> **Task objective**: Each record that follows is to be reproduced character for character, pictures excepted.

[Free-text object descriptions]
* * *
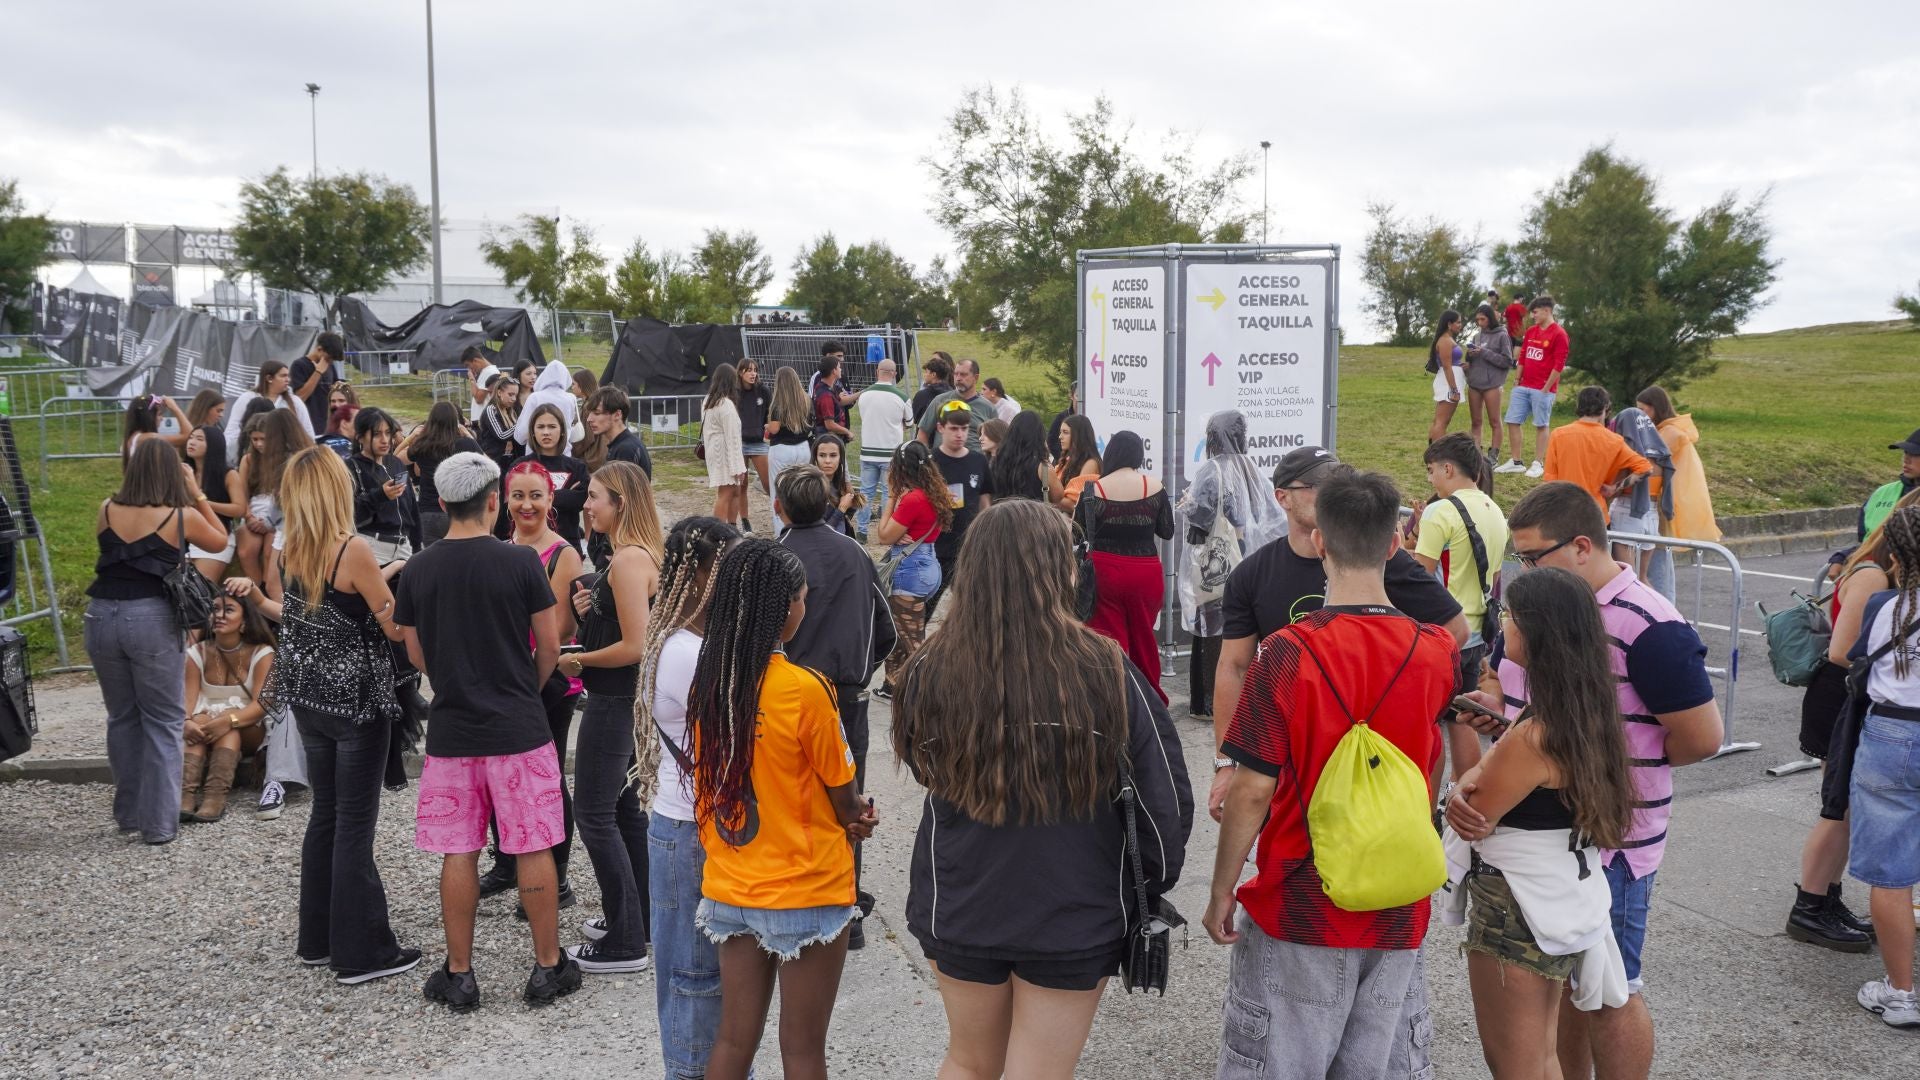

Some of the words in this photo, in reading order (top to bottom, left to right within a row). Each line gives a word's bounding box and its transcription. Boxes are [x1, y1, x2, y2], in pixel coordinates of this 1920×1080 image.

[183, 233, 240, 249] ACCES
[183, 247, 235, 260] GENER
[1112, 279, 1149, 292] ACCESO
[1238, 275, 1301, 289] ACCESO
[1112, 297, 1154, 309] GENERAL
[1238, 293, 1309, 307] GENERAL
[1112, 318, 1157, 333] TAQUILLA
[1238, 315, 1314, 332] TAQUILLA
[1111, 354, 1148, 368] ACCESO
[1237, 352, 1299, 366] ACCESO
[1111, 371, 1126, 384] VIP
[1238, 371, 1263, 384] VIP
[1110, 386, 1125, 395] ZONA
[1125, 388, 1148, 398] VILLAGE
[1238, 387, 1263, 396] ZONA
[1264, 386, 1300, 395] VILLAGE
[1110, 397, 1125, 406] ZONA
[1125, 399, 1158, 409] SONORAMA
[1237, 399, 1263, 407] ZONA
[1264, 397, 1314, 407] SONORAMA
[1110, 409, 1125, 418] ZONA
[1125, 410, 1151, 421] BLENDIO
[1264, 409, 1303, 418] BLENDIO
[1248, 434, 1304, 449] ARKING
* * *
> **Output**:
Some of the words in this photo, in reading order (top to bottom, left to right within a row). Each line gives a word's bounding box and its transcription. Boxes are [x1, y1, x2, y2], in pixel coordinates of this 1920×1080 image.

[183, 233, 240, 249] ACCES
[183, 247, 235, 260] GENER
[1112, 279, 1149, 292] ACCESO
[1238, 275, 1301, 289] ACCESO
[1112, 297, 1154, 309] GENERAL
[1238, 293, 1309, 307] GENERAL
[1112, 318, 1157, 333] TAQUILLA
[1238, 315, 1314, 332] TAQUILLA
[1111, 354, 1148, 368] ACCESO
[1237, 352, 1299, 366] ACCESO
[1111, 371, 1126, 384] VIP
[1238, 371, 1263, 384] VIP
[1110, 386, 1125, 395] ZONA
[1125, 388, 1148, 398] VILLAGE
[1238, 387, 1263, 396] ZONA
[1264, 386, 1300, 395] VILLAGE
[1110, 397, 1125, 406] ZONA
[1125, 399, 1158, 409] SONORAMA
[1237, 399, 1263, 407] ZONA
[1264, 397, 1314, 407] SONORAMA
[1110, 409, 1125, 418] ZONA
[1125, 410, 1151, 421] BLENDIO
[1264, 409, 1303, 418] BLENDIO
[1248, 434, 1304, 449] ARKING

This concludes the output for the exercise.